Let’s see how many signficant ASVs we have. If they are still too many, we filter them and plot only the top 50 most abundant.

results_sig = results_ancom_bc[results_ancom_bc$q_value < 0.05,]
table(results_sig$association)
## 
## High fat   Normal 
##      105      193
### We still have 200 (193 and 105) differential abundant ASVs
### I wanna only plot the first 50 most across the entire study, otherwise I will end up with a huge plot
Sum_abundance= colSums(decostand(ASVtab, method = "total"))
results_sig$sum_abundance = Sum_abundance[match(results_sig$ASV, names(Sum_abundance))]
results_sig = results_sig[order(results_sig$sum_abundance, decreasing = TRUE),]
results_sig = results_sig[1:25,]
results_sig$name = factor(results_sig$name, levels = rev(results_sig$name))
a = ggplot(results_sig, aes(lcf, name, color = association ))+
  geom_point() +theme_bw() +
  geom_segment( aes(x=0, xend=lcf, y=name, yend=name, color = association)) +
  geom_vline(xintercept = 0, size=0.3) +xlab("log2FoldChange") +ylab(NULL)# +
## Warning: Using `size` aesthetic for lines was deprecated in ggplot2 3.4.0.
## ℹ Please use `linewidth` instead.
## This warning is displayed once every 8 hours.
## Call `lifecycle::last_lifecycle_warnings()` to see where this warning was
## generated.
  #theme(legend.position="bottom")
a

Looks good. Let’s look make some boxplots to put besides it.
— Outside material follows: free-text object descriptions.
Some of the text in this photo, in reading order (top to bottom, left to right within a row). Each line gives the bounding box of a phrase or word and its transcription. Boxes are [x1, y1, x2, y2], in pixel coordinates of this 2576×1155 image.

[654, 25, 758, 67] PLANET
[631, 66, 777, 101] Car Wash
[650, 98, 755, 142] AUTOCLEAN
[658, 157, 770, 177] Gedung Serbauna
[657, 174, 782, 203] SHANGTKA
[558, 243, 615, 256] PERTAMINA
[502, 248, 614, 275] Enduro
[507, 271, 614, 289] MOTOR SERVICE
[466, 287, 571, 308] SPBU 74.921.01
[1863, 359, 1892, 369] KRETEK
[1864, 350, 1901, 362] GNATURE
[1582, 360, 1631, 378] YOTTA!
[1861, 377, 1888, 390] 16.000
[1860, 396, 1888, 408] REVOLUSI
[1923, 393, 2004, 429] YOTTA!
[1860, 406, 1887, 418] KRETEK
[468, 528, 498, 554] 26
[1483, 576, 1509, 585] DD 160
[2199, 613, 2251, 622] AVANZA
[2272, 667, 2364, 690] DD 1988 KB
ASVtab_rel = decostand(ASVtab, method = "total")
AASVtab_sig = data.frame(ASVtab_rel[,as.numeric(rownames(results_sig))])
colnames(AASVtab_sig) = results_sig$name
AASVtab_sig$Diet = metadata$Diet
melted = reshape2::melt(AASVtab_sig, values = "Diet")
## Using Diet as id variables
melted$variable = factor(melted$variable, levels = rev(results_sig$name))
b = ggplot(melted, aes(value, variable, fill = Diet)) +
  geom_boxplot(outlier.size = 0.5) + theme_bw() + xlab("Relative abundance") +
    theme( axis.text.y=element_blank()) + ylab(NULL)

b 

ggarrange(a,b, ncol = 2, nrow = 1,align = "h", common.legend = TRUE, widths = c(1.85, 0.9))

As we said in the slides, there are multiple tools developed for differential abundance analysis that can be adapted to a moltitude of experimental designs. Some of the include:

  1. ALDEx2.
  2. ANCOM-BC.
  3. DEseq2.
  4. MaAslinn2.
  5. LefSE.
  6. metagenomeSeq.

Explore all different tools and try apply them on your dataset. Be critical with their results.